At the 104th annual meeting of RSNA in Chicago this year, mint Lesion will debut its artificial intelligence assistant prototype that utilizes a multitude of AI techniques (deep-learning technique based on a modified, U-Net Convolutional Neural Network, trained on hundreds of thousands of ground-truth data, is just one of them).

Let’s take for example a lung-cancer patient with metastatic disease who has undergone treatment for the past five years at different facilities. All of the reports are unstructured with no clear indication of lesion slice location or standardized lesion measurements, making it almost impossible to track this patient’s progress accurately and deterministically. With mint Lesion 3.5 prototype, radiologist can rely on mint Lesion AI assistant to automatically measure prior studies and to have prepared critical components of the final report content (in a single and multi-modality setting). The software will, subsequently, take the one-dimensional measurements and turn them into volumetric calculations of the corresponding prior lesions. Instead of taking five-fold the time to identify all of the prior lesions and decipher non-standardized prior measurements, the reader will have all the longitudinal workup prepared by mint Lesion.

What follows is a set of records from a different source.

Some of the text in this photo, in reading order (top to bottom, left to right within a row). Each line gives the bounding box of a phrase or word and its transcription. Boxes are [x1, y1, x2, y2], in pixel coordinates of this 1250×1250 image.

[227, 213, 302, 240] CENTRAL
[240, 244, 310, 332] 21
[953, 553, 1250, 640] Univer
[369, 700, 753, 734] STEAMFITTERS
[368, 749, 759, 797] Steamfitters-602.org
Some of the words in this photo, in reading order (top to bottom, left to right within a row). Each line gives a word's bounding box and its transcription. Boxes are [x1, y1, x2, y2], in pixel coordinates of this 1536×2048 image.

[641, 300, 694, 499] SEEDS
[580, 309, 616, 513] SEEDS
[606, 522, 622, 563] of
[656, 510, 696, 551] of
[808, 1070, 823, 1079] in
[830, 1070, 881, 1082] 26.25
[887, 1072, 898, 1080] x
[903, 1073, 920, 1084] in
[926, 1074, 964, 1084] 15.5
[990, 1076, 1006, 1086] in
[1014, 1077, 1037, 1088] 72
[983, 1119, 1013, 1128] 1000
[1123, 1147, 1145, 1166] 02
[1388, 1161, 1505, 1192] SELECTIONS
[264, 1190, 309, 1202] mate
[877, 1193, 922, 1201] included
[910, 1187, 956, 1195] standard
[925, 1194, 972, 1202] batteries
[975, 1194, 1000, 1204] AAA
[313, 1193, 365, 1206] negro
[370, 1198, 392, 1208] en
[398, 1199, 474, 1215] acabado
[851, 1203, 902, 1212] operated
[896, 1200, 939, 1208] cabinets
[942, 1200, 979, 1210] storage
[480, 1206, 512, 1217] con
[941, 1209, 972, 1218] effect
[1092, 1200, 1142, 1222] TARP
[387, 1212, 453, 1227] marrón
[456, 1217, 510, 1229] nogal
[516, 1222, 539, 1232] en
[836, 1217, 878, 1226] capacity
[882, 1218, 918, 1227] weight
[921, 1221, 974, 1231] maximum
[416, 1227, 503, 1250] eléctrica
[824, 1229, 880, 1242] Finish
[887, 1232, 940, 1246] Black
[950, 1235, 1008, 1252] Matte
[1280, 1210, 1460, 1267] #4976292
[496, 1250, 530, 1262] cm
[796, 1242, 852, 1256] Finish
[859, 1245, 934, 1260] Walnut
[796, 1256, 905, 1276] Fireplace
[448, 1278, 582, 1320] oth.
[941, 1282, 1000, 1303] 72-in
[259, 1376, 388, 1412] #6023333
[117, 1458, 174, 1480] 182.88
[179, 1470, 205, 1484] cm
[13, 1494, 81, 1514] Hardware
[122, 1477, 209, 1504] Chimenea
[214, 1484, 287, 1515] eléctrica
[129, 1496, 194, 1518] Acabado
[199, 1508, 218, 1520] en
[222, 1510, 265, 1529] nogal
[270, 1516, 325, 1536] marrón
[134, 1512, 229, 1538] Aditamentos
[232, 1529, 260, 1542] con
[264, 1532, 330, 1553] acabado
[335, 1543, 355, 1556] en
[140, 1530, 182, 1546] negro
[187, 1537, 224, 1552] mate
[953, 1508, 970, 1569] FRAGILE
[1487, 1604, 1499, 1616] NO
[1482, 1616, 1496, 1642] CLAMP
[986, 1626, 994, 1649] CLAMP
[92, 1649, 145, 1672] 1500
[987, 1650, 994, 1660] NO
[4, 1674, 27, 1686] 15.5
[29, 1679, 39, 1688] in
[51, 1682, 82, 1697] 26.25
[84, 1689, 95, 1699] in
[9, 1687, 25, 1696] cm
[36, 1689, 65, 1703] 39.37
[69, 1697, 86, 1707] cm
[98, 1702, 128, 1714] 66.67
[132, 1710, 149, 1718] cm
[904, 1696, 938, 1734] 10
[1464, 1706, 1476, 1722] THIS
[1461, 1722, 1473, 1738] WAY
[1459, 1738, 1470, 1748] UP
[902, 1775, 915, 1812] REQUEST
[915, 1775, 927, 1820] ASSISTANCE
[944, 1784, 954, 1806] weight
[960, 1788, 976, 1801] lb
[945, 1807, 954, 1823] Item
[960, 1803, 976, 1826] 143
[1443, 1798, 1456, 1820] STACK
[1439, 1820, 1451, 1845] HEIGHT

With this standardized approach, the outcome of the reader’s report will have clearly communicated, objective and reproducible content that referring physicians can draw from, whether in a clinical trial scenario, clinical routine or research.

Quality of patient’s outcomes is likely to be improved dramatically as well as it should be much easier to confirm that the selected reference lesions represent disease, to affirm response to treatment or better identify more comprehensive responses to treatment or ambiguous response situations.

Each facility that decides to utilize such a tool prospectively in their clinical routine will have a chance of conducting deep learning work and prognostic studies’ research in a multitude of ways. As one may predict, down the road, this offers room for real-time AI assistant and potential identification of mis-diagnosis (i.e. reduction of false negatives).